Já se aprofundou na história das criptomoedas e encontrou algo que ainda não faz sentido? Tenho revisitado uma das histórias mais loucas deste espaço e, honestamente, fica mais suspeita a cada leitura.



Então, em 2013, quando o Bitcoin mal estava na maioria dos radares, havia um tipo que viu a oportunidade cedo. Lançou o que viria a ser a maior exchange de criptomoedas do Canadá, posicionando-se como a cara da adoção de moeda digital no país. Carismático, conhecedor de tecnologia, vivendo aquele estilo de vida de alto perfil—iates, viagens de luxo, o pacote completo. À primeira vista, parecia a história de sucesso definitiva no mundo cripto.
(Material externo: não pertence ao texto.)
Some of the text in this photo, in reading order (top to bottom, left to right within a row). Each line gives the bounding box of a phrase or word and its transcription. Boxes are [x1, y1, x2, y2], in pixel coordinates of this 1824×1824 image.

Mas aqui é onde fica estranho. Ao contrário de outros operadores de exchanges, este cara manteve tudo centralizado. Todas as chaves privadas das cold wallets da exchange? Sob seu controle exclusivo. Sem redundância, sem sistema de backup, nada. Se algo acontecesse com ele, os fundos de milhares de utilizadores simplesmente... desapareciam.

E foi exatamente isso que aconteceu. Dezembro de 2018—ele estava de lua de mel na Índia com a esposa. Dias depois, morreu. Supostamente por complicações de doença de Crohn. O corpo foi embalsamado quase imediatamente. Depois, a exchange implode, e de repente há $215 milhões em Bitcoin e outros ativos que ninguém consegue aceder. Ah, e ele atualizou o testamento literalmente dias antes de morrer, deixando tudo para a esposa.
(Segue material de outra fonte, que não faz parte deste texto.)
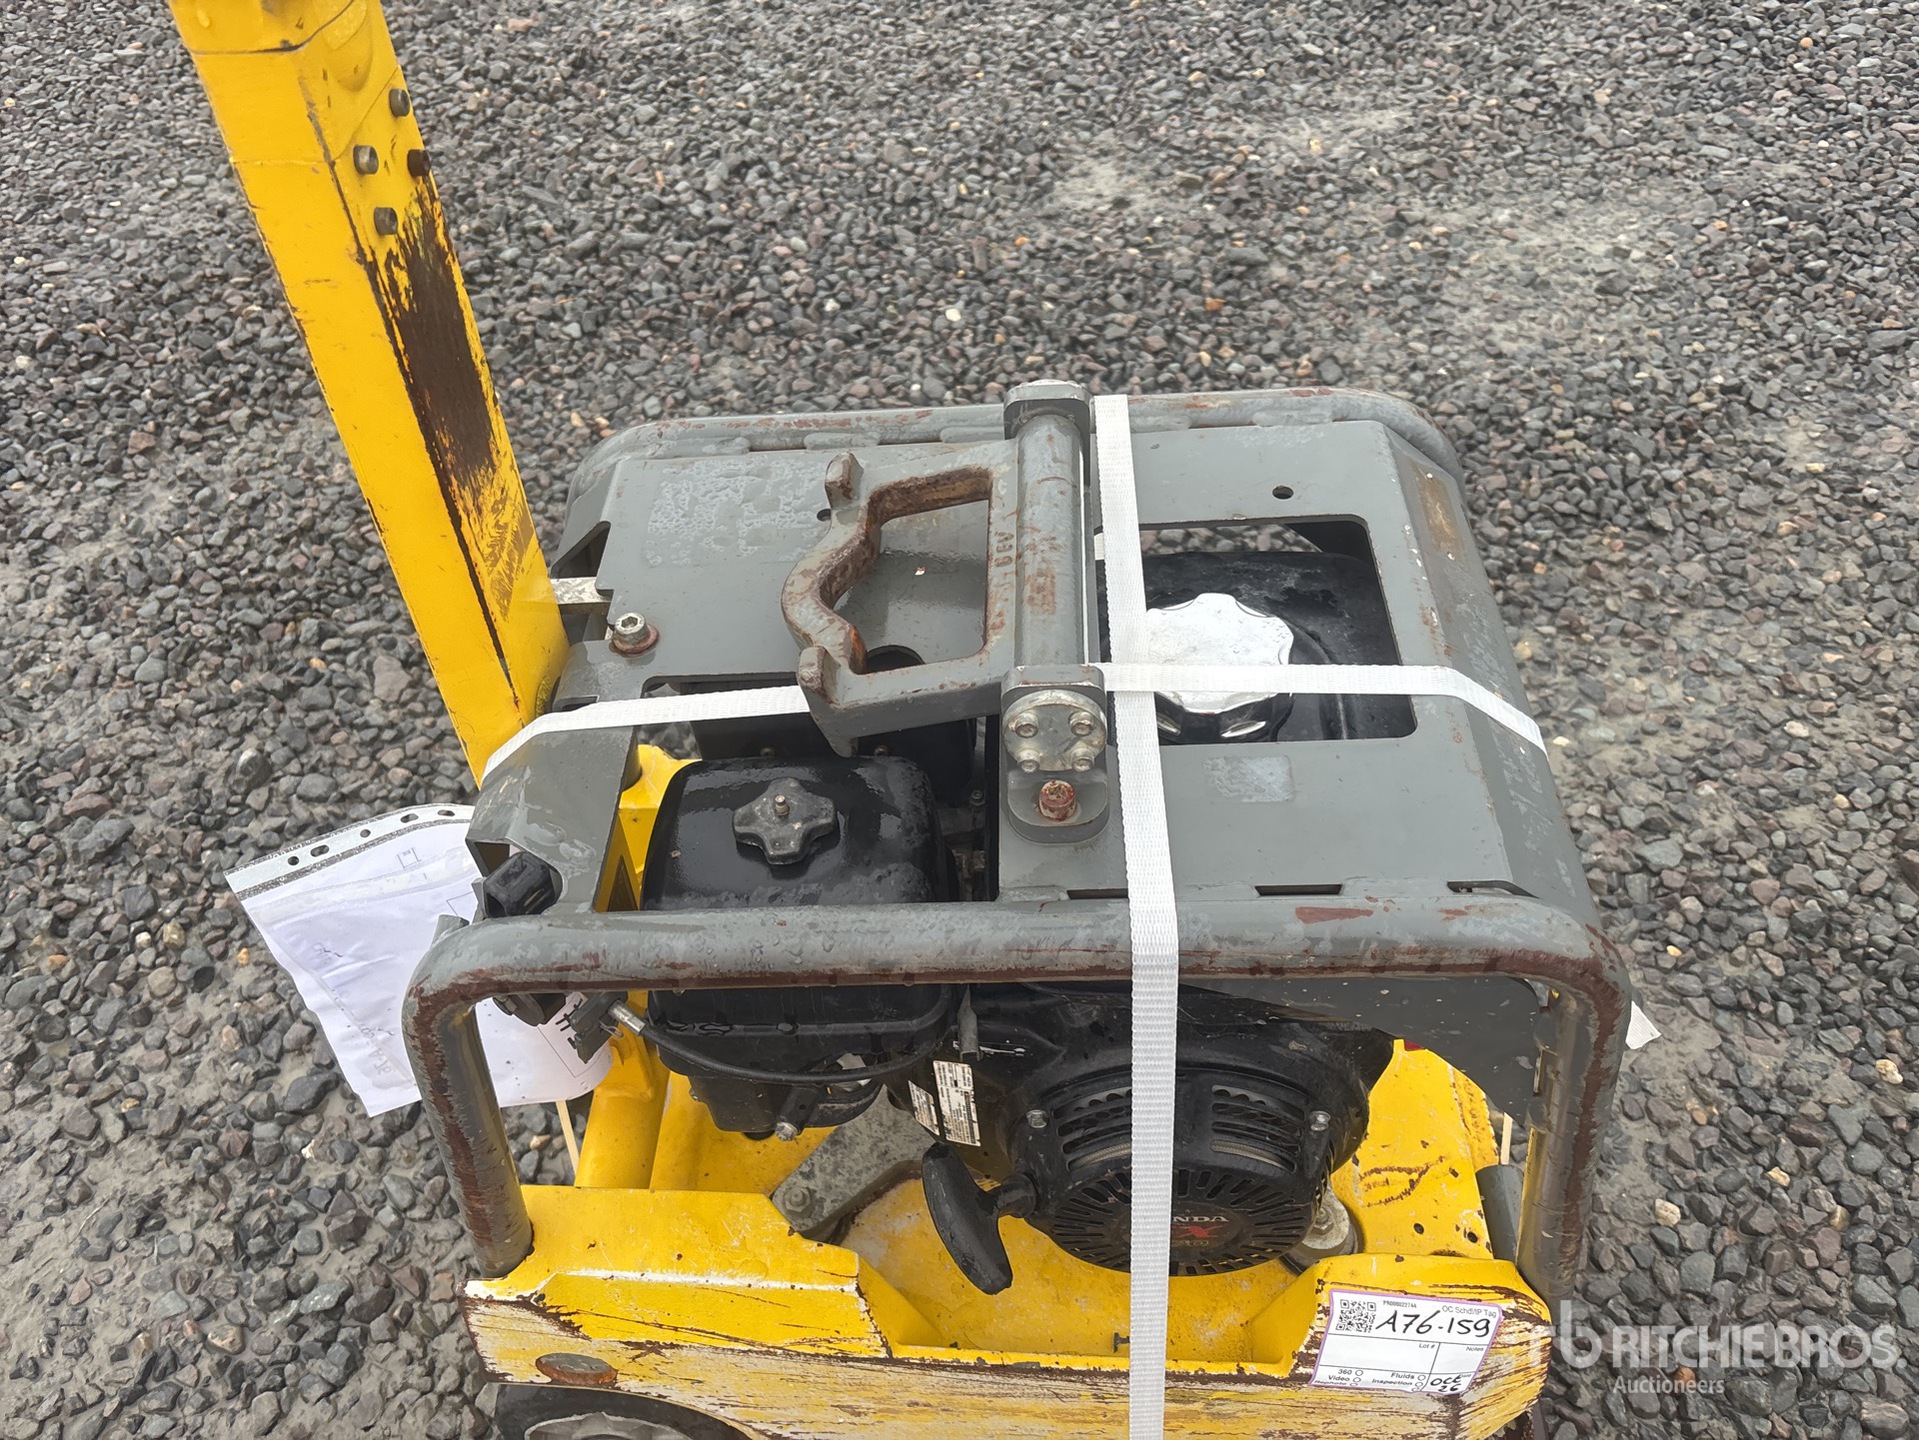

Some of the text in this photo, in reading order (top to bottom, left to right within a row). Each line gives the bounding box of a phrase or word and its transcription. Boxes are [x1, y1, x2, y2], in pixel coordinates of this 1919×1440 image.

[1483, 1309, 1497, 1318] Tag
[1375, 1310, 1490, 1338] A76-159
[1438, 1383, 1462, 1392] 26
A comunidade cripto ficou louca. Como é que o CEO de uma exchange de vários milhões de dólares morre de forma tão conveniente? Por que não há transparência? Por que ninguém tem acesso de backup aos fundos dos utilizadores?

Avançando para agora, as teorias não pararam. Algumas pessoas acham que Gerald Cotten encenou tudo para fugir com o dinheiro. Outras acreditam que foi um esquema Ponzi desde o início, e a sua morte foi a estratégia de saída. Investigadores descobriram milhões a moverem-se através de transações escondidas antes dele desaparecer. Em 2021, as pessoas literalmente exigiram que o corpo dele fosse exumado para confirmar que ele estava realmente morto.

Milhares de investidores nunca recuperaram um único dólar. As investigações governamentais não chegaram a lugar nenhum. O caso permanece aberto. E a cada poucos meses, alguém volta a falar sobre isso, e as mesmas perguntas surgem: Isto tudo foi real? Ou foi o assalto perfeito embrulhado numa morte conveniente?

É, honestamente, uma daquelas histórias que fazem pensar na segurança das exchanges e por que a custódia é tão importante. Todo o episódio é uma aula do que NÃO fazer ao gerir uma plataforma com as poupanças de vida das pessoas.